Training and eating, over a long period of time has to have a "completeness" to it.
If you get trapped into a particular mindset, or dogma, then you're going to eventually sell yourself short somehow.
For powerlifters, they often shun "bodybuilding" because it's "stupid" and "no one cares how big my biceps are when I lift X amount".
Bodybuilders will often say shit like "no one cares how much I lift when I'm on stage."
Technically, that's true. However understanding how all training methodologies can help you is a trait we should all learn how to develop.
I spent the first decade of my training mainly doing bodybuilding style work. And while my absolute level of strength was never developed, one of the reasons I feel like I am just hitting my peak in terms of strength is because of all the years I put in to build muscle mass. So the last 8+ years have really been spent training more for absolute strength, and developing my technique.
As a result of that, when I go back to doing big compound movements for reps, I move more weight for more reps. I also train "bodyparts".
This is not an ugly word.
People need to get out of this mindset that bodypart training is a bad thing.

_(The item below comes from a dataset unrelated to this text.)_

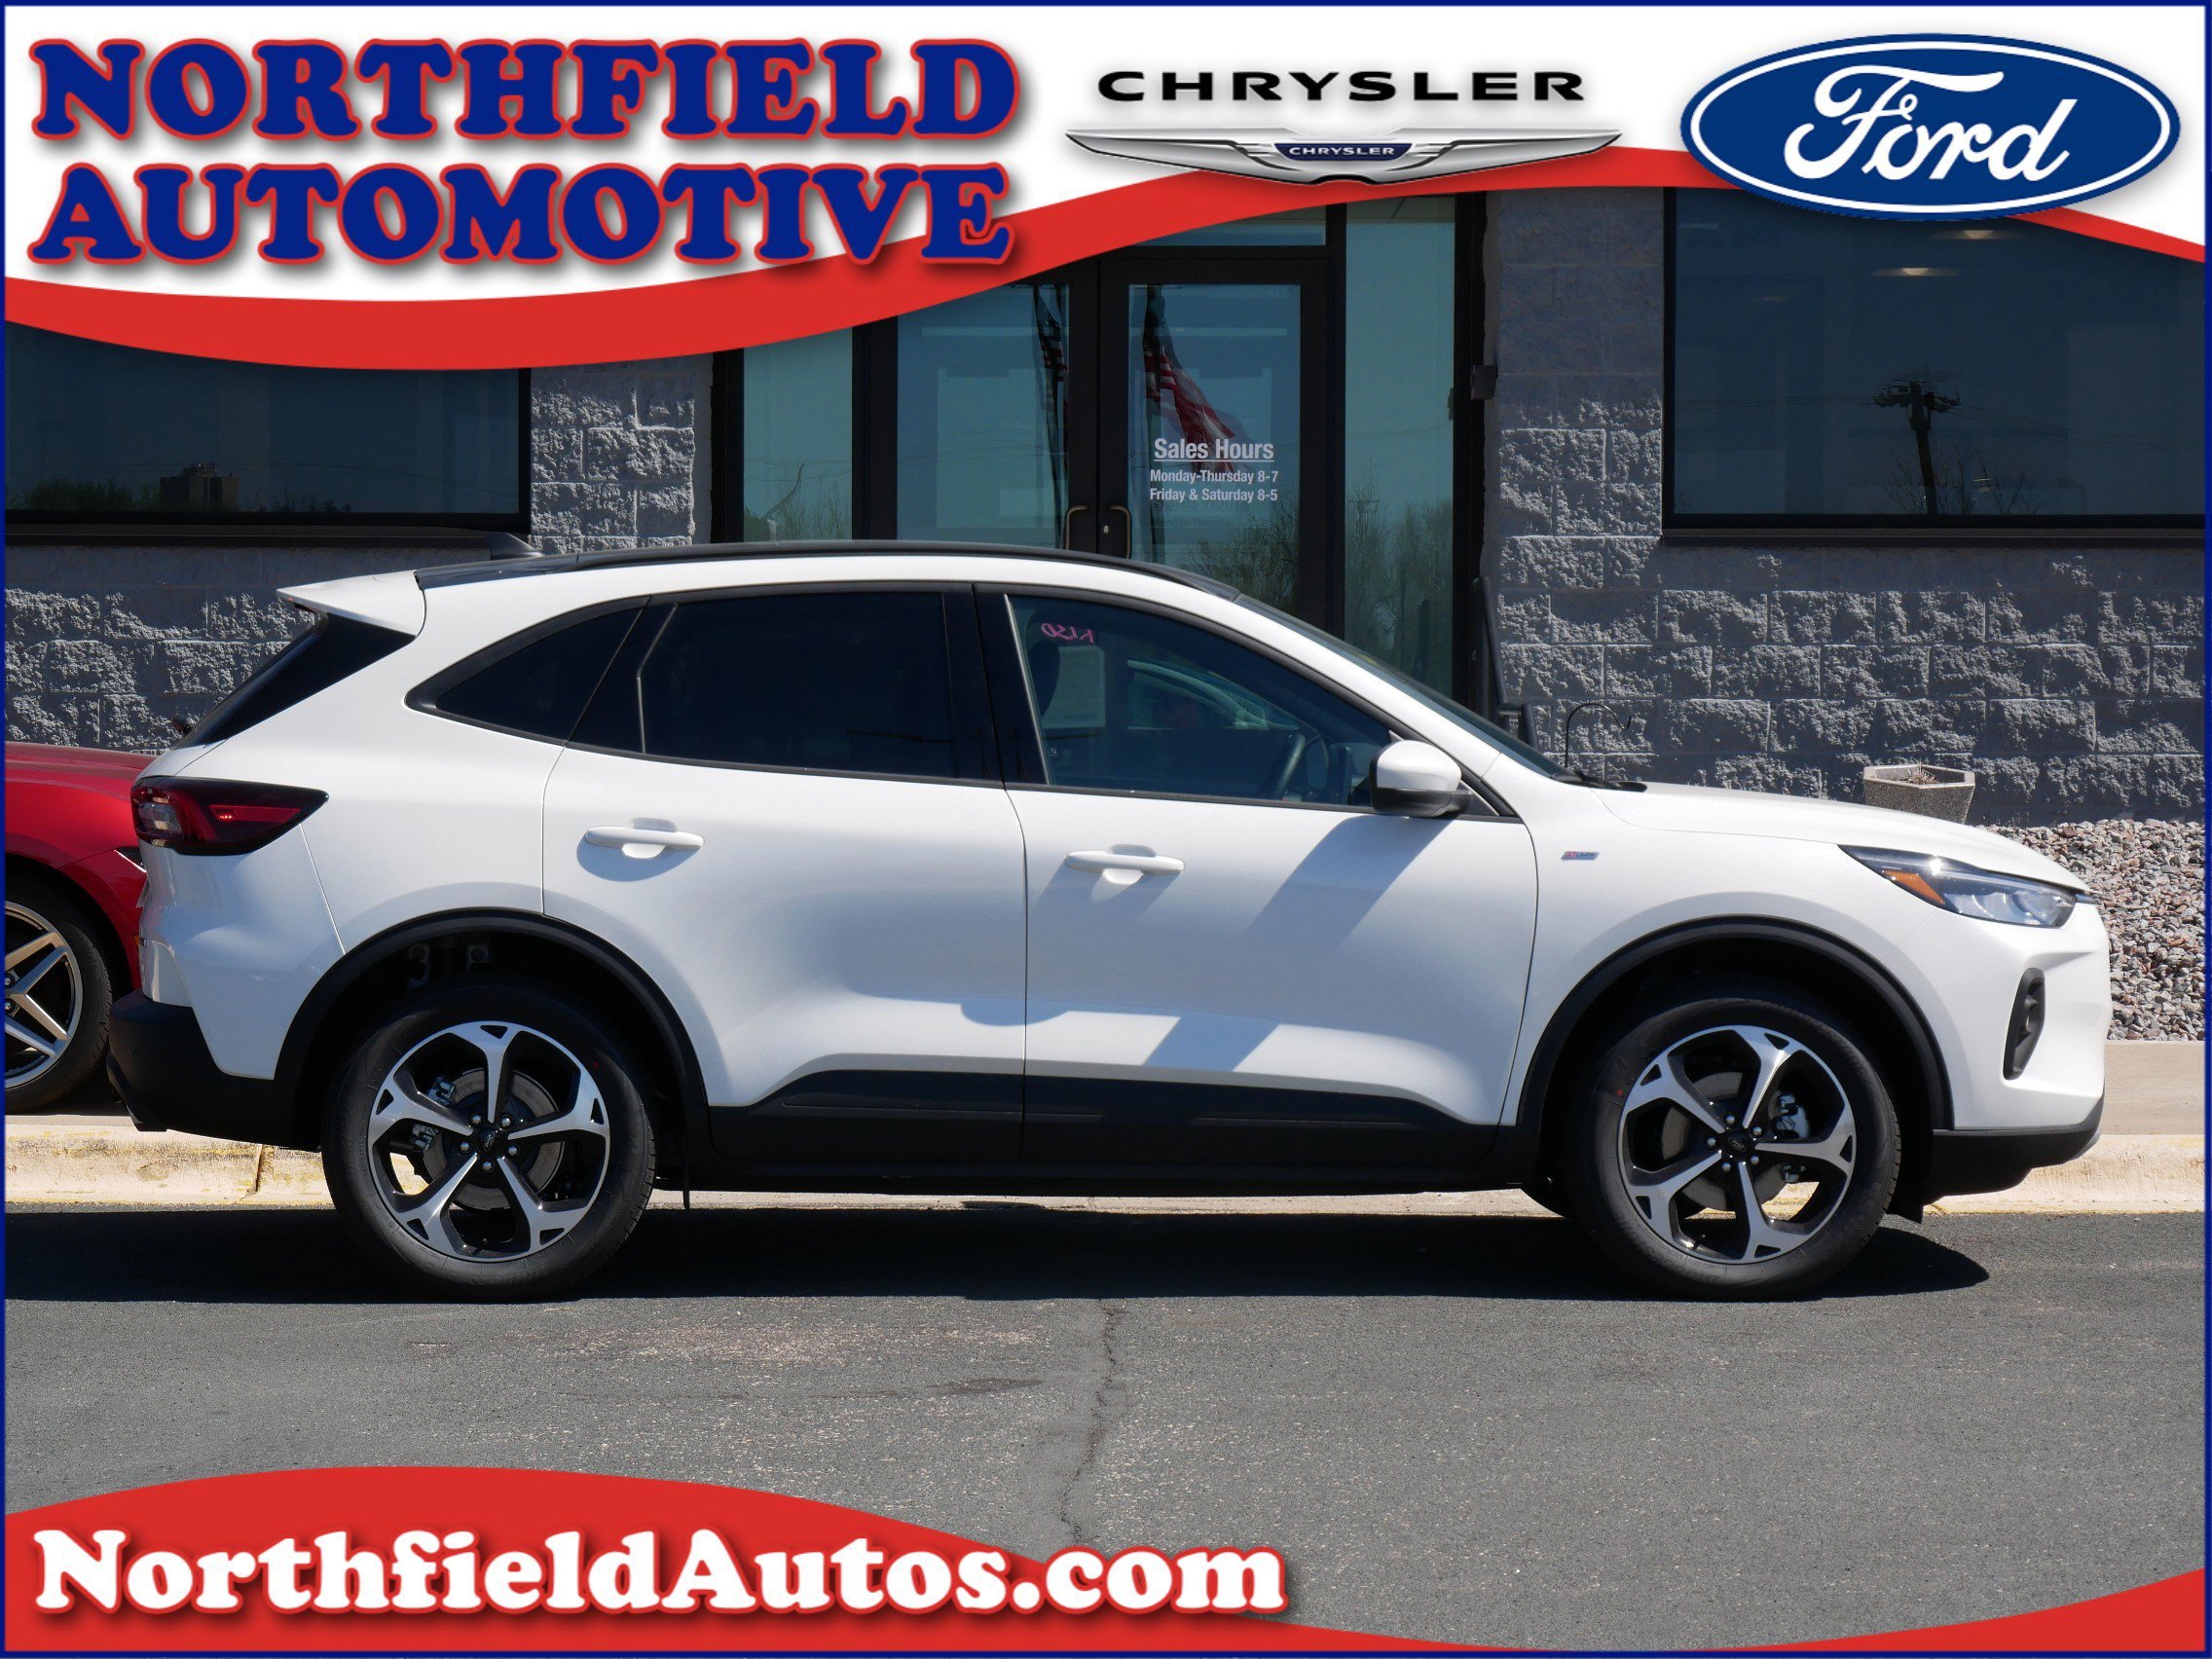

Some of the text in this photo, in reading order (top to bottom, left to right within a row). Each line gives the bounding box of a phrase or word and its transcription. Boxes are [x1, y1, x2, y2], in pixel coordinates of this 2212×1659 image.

[1154, 438, 1274, 460] Sales Hours
[1150, 469, 1278, 484] Monday-Thursday 8-7
[1150, 488, 1278, 503] Friday & Saturday 8-5
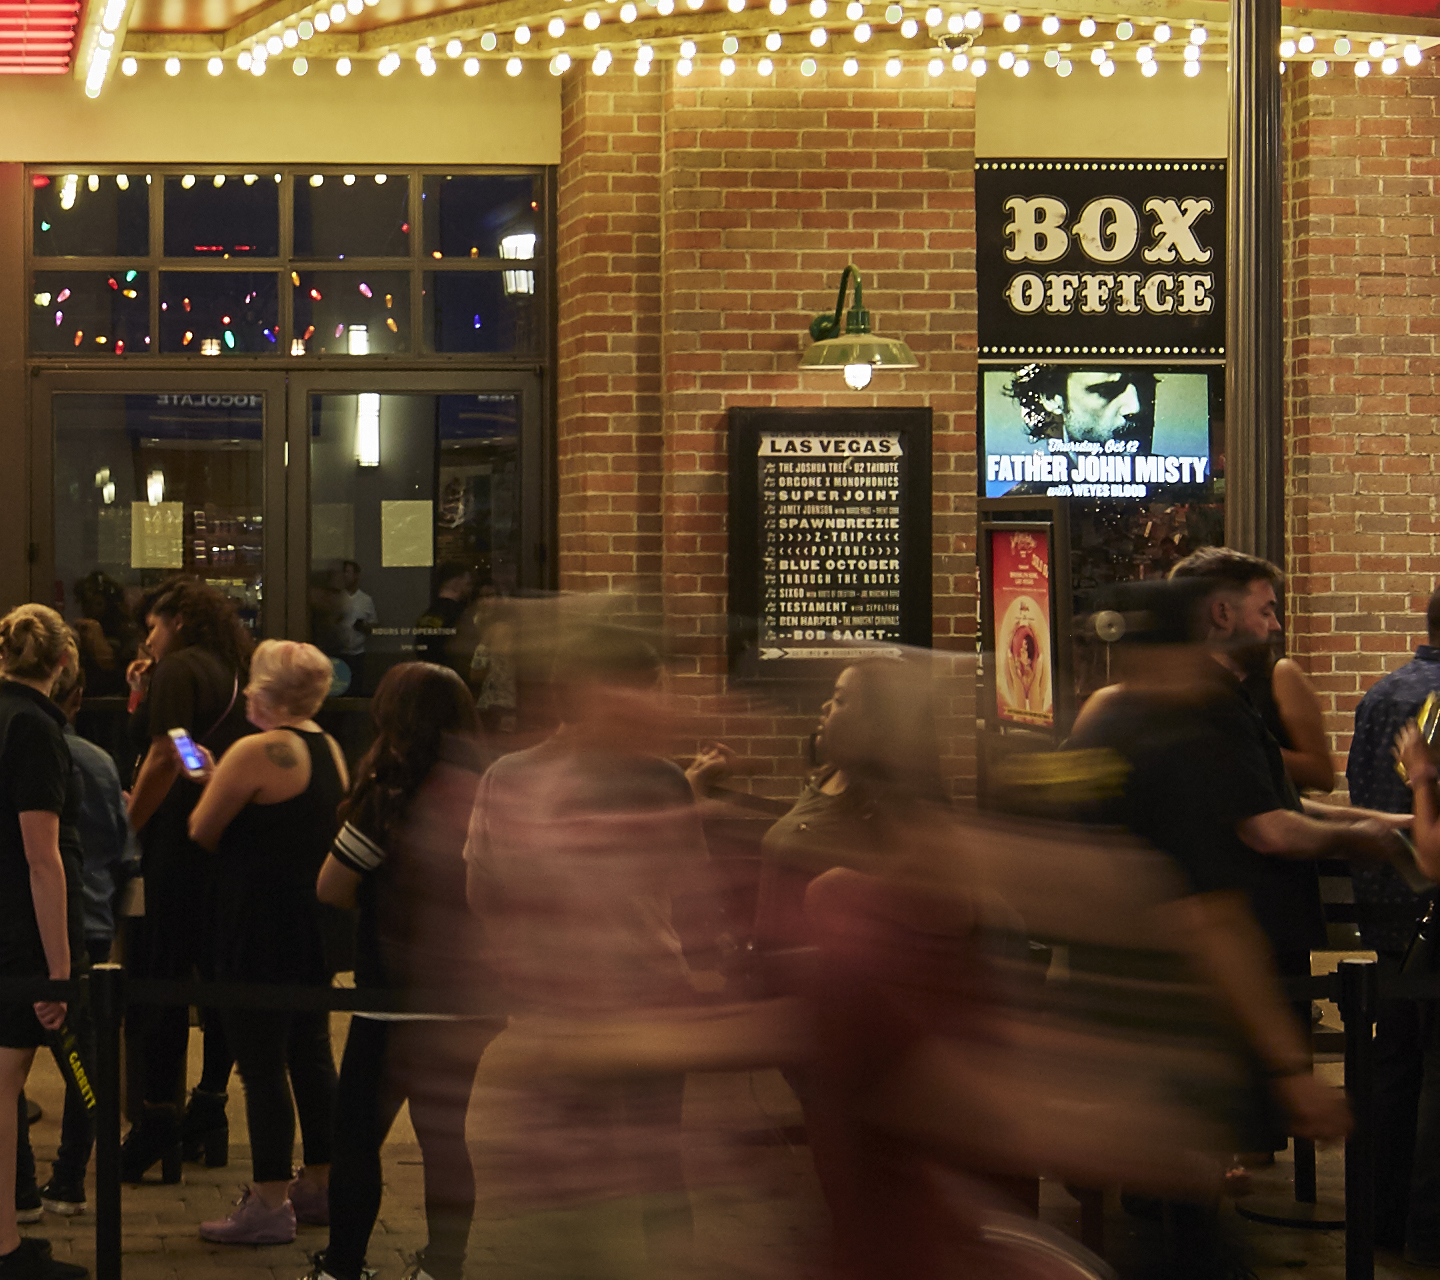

When Dan Green decided his squat sucked, he realized it sucked because his quads weren't big enough. So he grew his quads using hacks and front squats, and guess what? His squat grew with them.
A smart lifter knows that powerlifting and bodybuilding can indeed compliment each other.
Train for strength AND muscular development. This means not persecuting a training style or method. Bodybuilders have this whole "mass" thing figured out. Powerfliters and strongmen have this whole "strength" thing figured out. Instead of being close minded or dogmatic about one because you think it's "silly", take what is useful from it to get better.
Just because you decide to do some bodybuilding doesn't mean you have to slather salad dressing all over yourself and pose in a banana hammock. Just because you decide to do some powerlifting doesn't mean you have to wear a beanie and get fat.
Focus on the paradigm that makes up those training methods and how they would benefit you in the long run. Then if you decide to slather on the Italian dressing or sport the beanie, you'll be ready.